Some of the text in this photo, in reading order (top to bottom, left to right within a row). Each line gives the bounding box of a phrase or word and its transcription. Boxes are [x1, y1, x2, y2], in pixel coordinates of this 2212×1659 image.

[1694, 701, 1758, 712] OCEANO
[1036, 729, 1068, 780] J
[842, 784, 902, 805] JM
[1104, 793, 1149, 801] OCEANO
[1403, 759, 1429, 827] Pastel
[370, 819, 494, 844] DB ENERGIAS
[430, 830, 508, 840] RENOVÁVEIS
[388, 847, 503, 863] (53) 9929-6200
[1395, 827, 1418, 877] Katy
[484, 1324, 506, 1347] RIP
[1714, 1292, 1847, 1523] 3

——

Every record above must be set down again, word for word.

Some of the text in this photo, in reading order (top to bottom, left to right within a row). Each line gives the bounding box of a phrase or word and its transcription. Boxes are [x1, y1, x2, y2], in pixel coordinates of this 2212×1659 image.

[1694, 701, 1758, 712] OCEANO
[1036, 729, 1068, 780] J
[842, 784, 902, 805] JM
[1104, 793, 1149, 801] OCEANO
[1403, 759, 1429, 827] Pastel
[370, 819, 494, 844] DB ENERGIAS
[430, 830, 508, 840] RENOVÁVEIS
[388, 847, 503, 863] (53) 9929-6200
[1395, 827, 1418, 877] Katy
[484, 1324, 506, 1347] RIP
[1714, 1292, 1847, 1523] 3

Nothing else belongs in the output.